Entries supplied –
┄┄┄┄┄┄┄┄┄┄

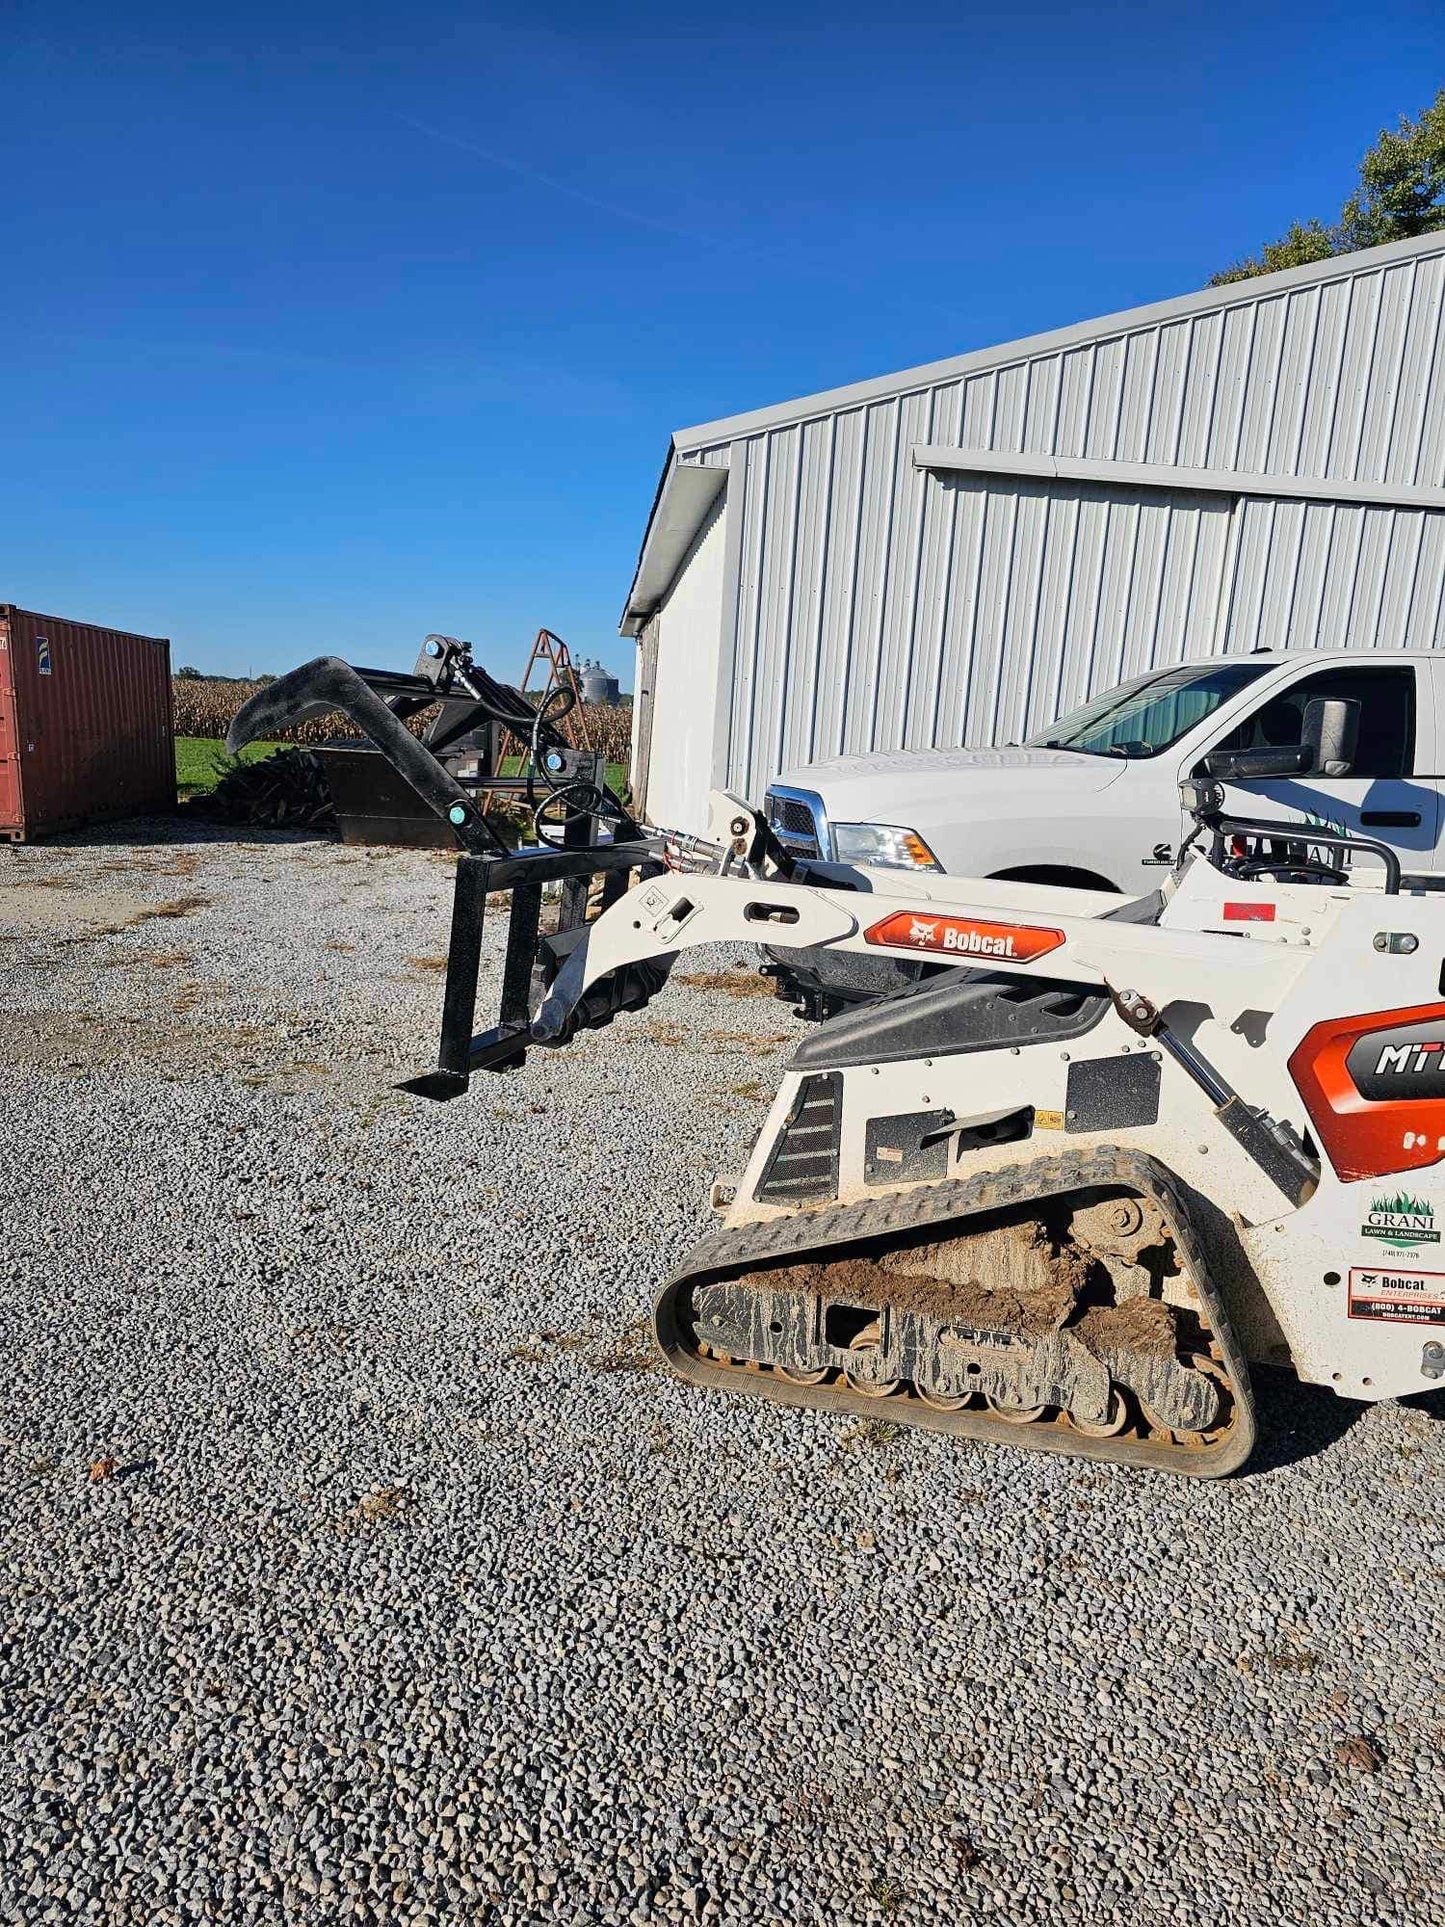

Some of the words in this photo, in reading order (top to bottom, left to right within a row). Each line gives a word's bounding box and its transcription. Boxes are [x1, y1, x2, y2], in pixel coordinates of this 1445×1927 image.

[943, 928, 1014, 957] Bobcat
[1368, 1213, 1435, 1229] GRANI
[1364, 1228, 1386, 1236] LAWN
[1394, 1230, 1438, 1240] LANDSCAPE
[1382, 1276, 1424, 1290] Bobcat
[1381, 1290, 1439, 1300] ENTERPRISES
[1371, 1302, 1395, 1312] (800)
[1397, 1304, 1442, 1314] 4-BOBCAT

┄┄┄┄┄┄┄┄┄┄

Brief – Reproduce the whole listing above character for character; pictures do not belong in it.

Problem solution –
Some of the words in this photo, in reading order (top to bottom, left to right within a row). Each line gives a word's bounding box and its transcription. Boxes are [x1, y1, x2, y2], in pixel coordinates of this 1445×1927 image.

[943, 928, 1014, 957] Bobcat
[1368, 1213, 1435, 1229] GRANI
[1364, 1228, 1386, 1236] LAWN
[1394, 1230, 1438, 1240] LANDSCAPE
[1382, 1276, 1424, 1290] Bobcat
[1381, 1290, 1439, 1300] ENTERPRISES
[1371, 1302, 1395, 1312] (800)
[1397, 1304, 1442, 1314] 4-BOBCAT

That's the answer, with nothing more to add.